Straight copy, no pictures: transcribe each entry as it stands.

Extracted records

────────────────────────────────────────

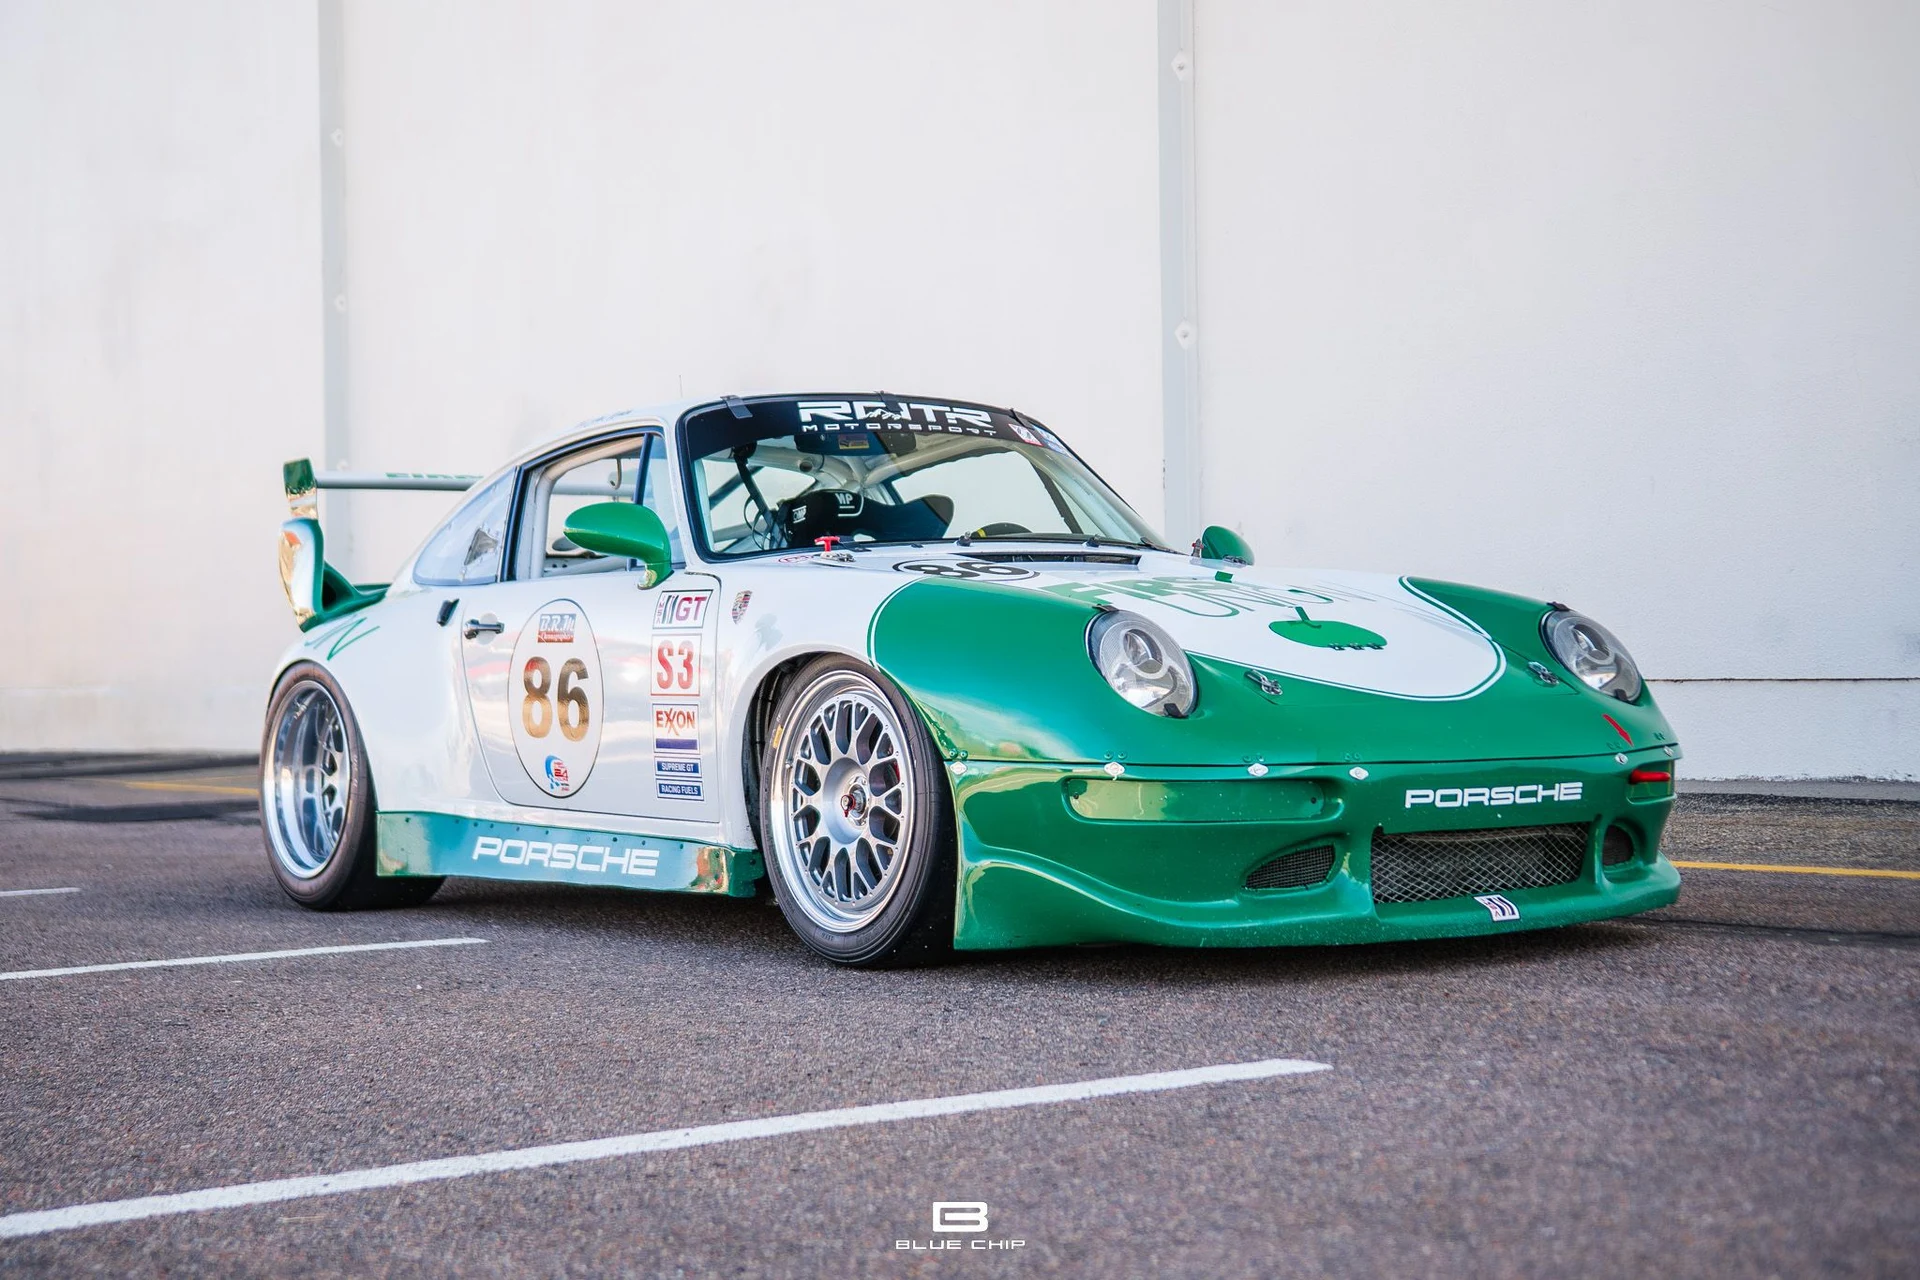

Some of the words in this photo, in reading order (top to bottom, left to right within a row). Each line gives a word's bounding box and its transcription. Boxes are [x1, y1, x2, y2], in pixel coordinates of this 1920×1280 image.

[802, 422, 997, 436] MOTORSPORT
[903, 561, 1030, 578] 86
[675, 596, 708, 621] GT
[656, 639, 695, 690] S3
[522, 656, 590, 742] 86
[655, 707, 696, 736] EXXON
[661, 762, 687, 772] SUPREME
[661, 784, 681, 794] RACING
[681, 786, 698, 795] FUELS
[1404, 781, 1583, 809] PORSCHE
[472, 835, 660, 877] PORSCHE
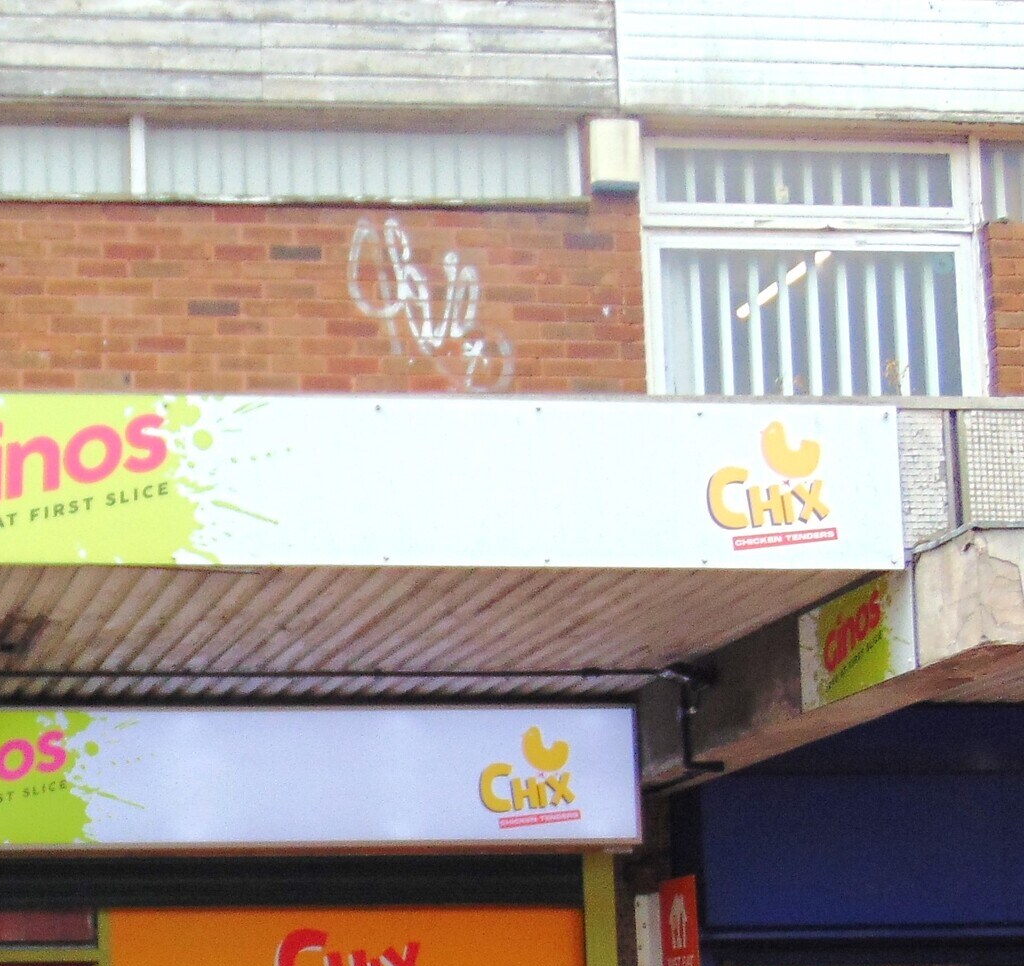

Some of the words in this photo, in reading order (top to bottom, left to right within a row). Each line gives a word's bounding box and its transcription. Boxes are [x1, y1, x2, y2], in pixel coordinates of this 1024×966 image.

────────────────────────────────────────

Exercise solution
Some of the words in this photo, in reading order (top to bottom, left to right within a row). Each line gives a word's bounding box and its transcription. Boxes are [x1, y1, x2, y2], in pixel coordinates of this 1920×1280 image.

[802, 422, 997, 436] MOTORSPORT
[903, 561, 1030, 578] 86
[675, 596, 708, 621] GT
[656, 639, 695, 690] S3
[522, 656, 590, 742] 86
[655, 707, 696, 736] EXXON
[661, 762, 687, 772] SUPREME
[661, 784, 681, 794] RACING
[681, 786, 698, 795] FUELS
[1404, 781, 1583, 809] PORSCHE
[472, 835, 660, 877] PORSCHE

Some of the words in this photo, in reading order (top to bottom, left to right within a row). Each line gives a word's bounding box and its transcription. Boxes are [x1, y1, x2, y2], in pixel coordinates of this 1024×966 image.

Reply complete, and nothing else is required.